» **How to complete this task**
Exclude images, then output the remaining data verbatim.

Stored items from a collection:
---+---

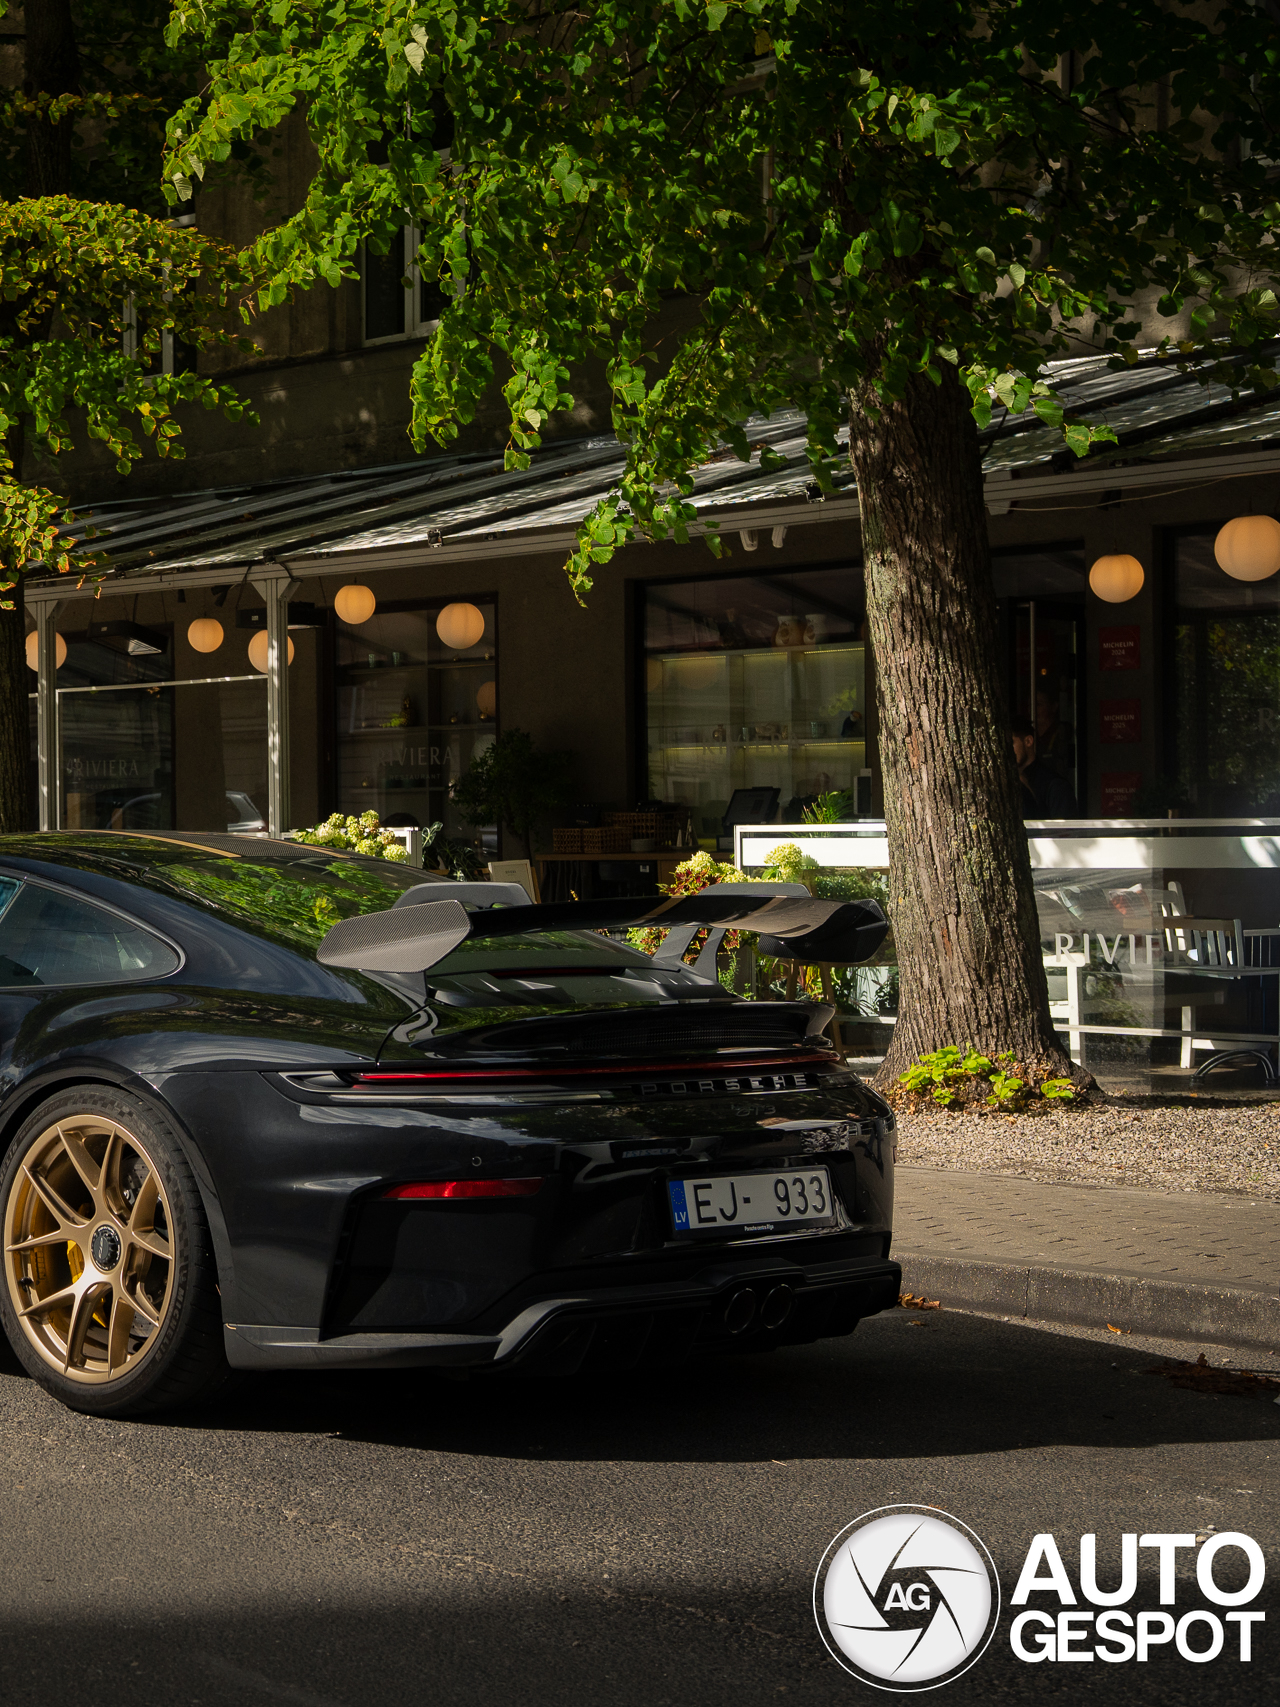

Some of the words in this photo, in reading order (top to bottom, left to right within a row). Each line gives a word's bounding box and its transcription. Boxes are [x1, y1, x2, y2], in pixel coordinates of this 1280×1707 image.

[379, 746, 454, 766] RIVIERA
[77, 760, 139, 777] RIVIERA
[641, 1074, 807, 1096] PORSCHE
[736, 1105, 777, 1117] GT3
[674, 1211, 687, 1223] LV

---+---

» **Your solution**
Some of the words in this photo, in reading order (top to bottom, left to right within a row). Each line gives a word's bounding box and its transcription. Boxes are [x1, y1, x2, y2], in pixel coordinates of this 1280×1707 image.

[379, 746, 454, 766] RIVIERA
[77, 760, 139, 777] RIVIERA
[641, 1074, 807, 1096] PORSCHE
[736, 1105, 777, 1117] GT3
[674, 1211, 687, 1223] LV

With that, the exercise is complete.